Task instructions
Here the job is to transcribe the data exactly while omitting the images.
-- Opening Marker --
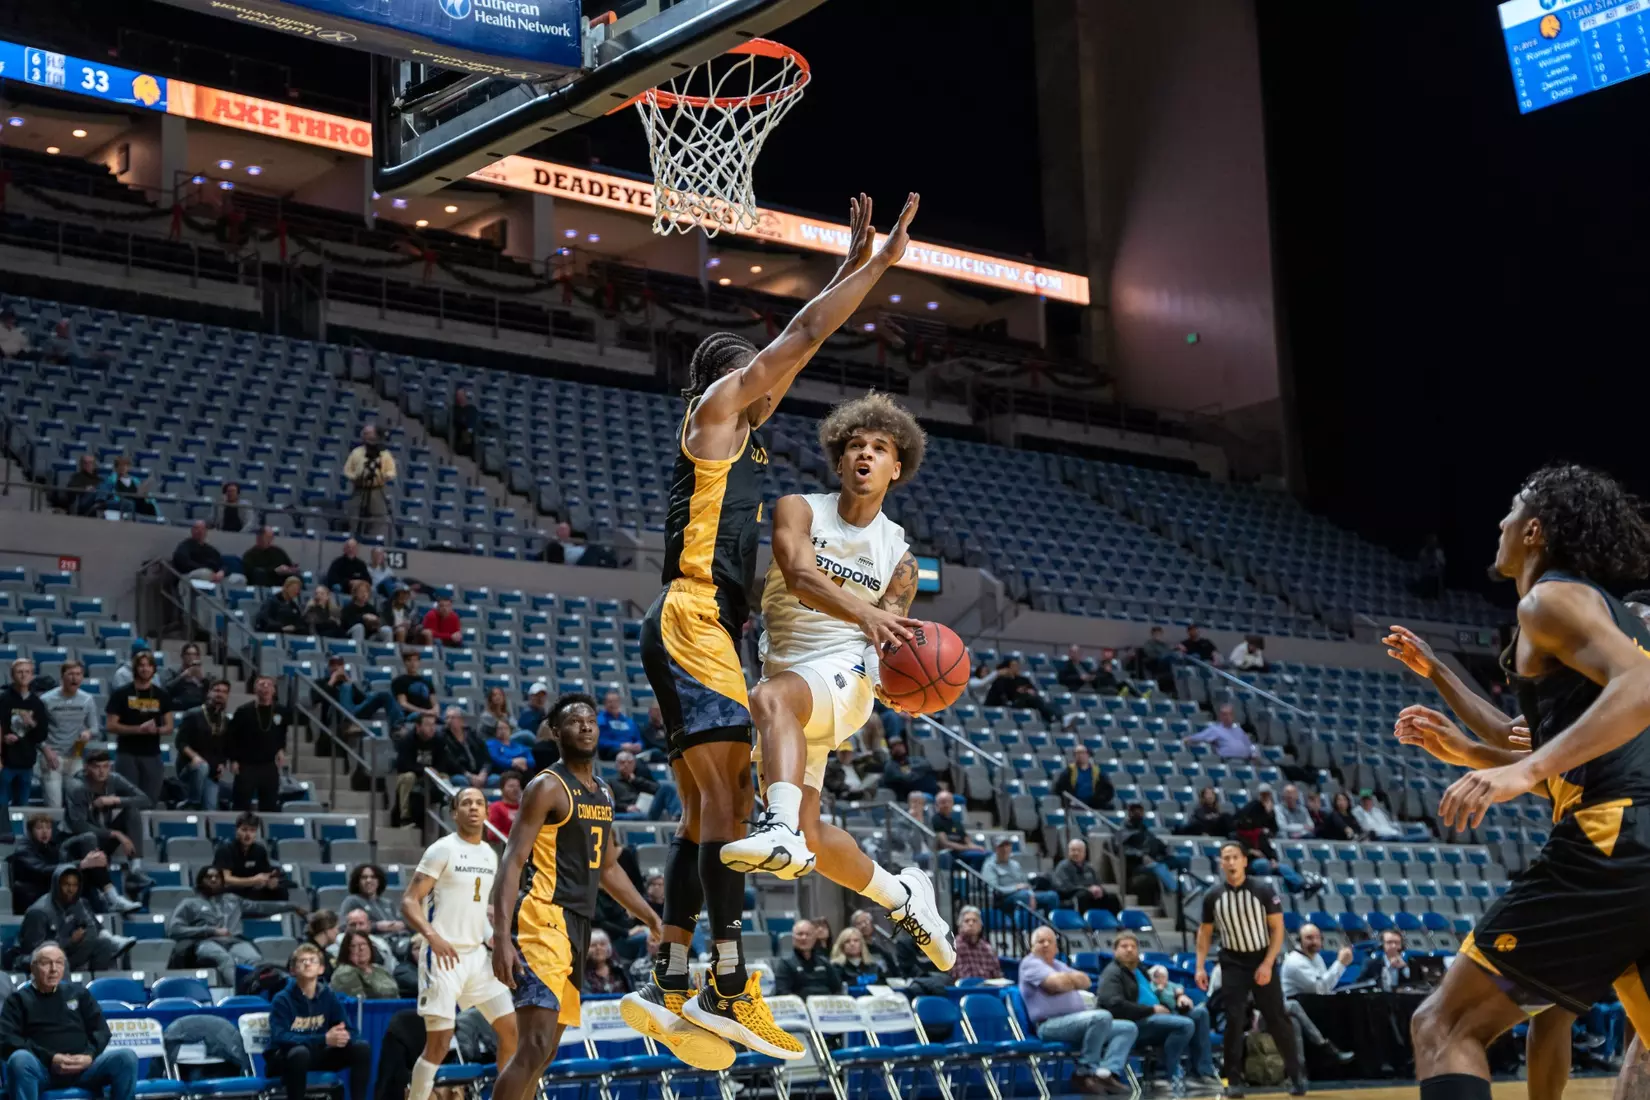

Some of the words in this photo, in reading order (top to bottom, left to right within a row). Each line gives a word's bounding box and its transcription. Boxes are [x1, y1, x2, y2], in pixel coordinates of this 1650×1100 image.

[474, 0, 540, 16] Lutheran
[1566, 4, 1593, 20] TEAM
[474, 10, 516, 28] Health
[518, 18, 572, 37] Network
[1592, 52, 1602, 61] 10
[1594, 63, 1606, 72] 10
[32, 52, 41, 66] 6
[81, 67, 110, 92] 33
[32, 68, 41, 80] 3
[212, 98, 279, 129] AXE
[285, 112, 370, 148] THRO
[533, 167, 652, 208] DEADEYE
[577, 804, 614, 822] COMMERCE
[589, 826, 604, 869] 3
[472, 876, 482, 902] 1
-- Closing Marker --
Finished task
Some of the words in this photo, in reading order (top to bottom, left to right within a row). Each line gives a word's bounding box and its transcription. Boxes are [x1, y1, x2, y2], in pixel coordinates of this 1650×1100 image.

[474, 0, 540, 16] Lutheran
[1566, 4, 1593, 20] TEAM
[474, 10, 516, 28] Health
[518, 18, 572, 37] Network
[1592, 52, 1602, 61] 10
[1594, 63, 1606, 72] 10
[32, 52, 41, 66] 6
[81, 67, 110, 92] 33
[32, 68, 41, 80] 3
[212, 98, 279, 129] AXE
[285, 112, 370, 148] THRO
[533, 167, 652, 208] DEADEYE
[577, 804, 614, 822] COMMERCE
[589, 826, 604, 869] 3
[472, 876, 482, 902] 1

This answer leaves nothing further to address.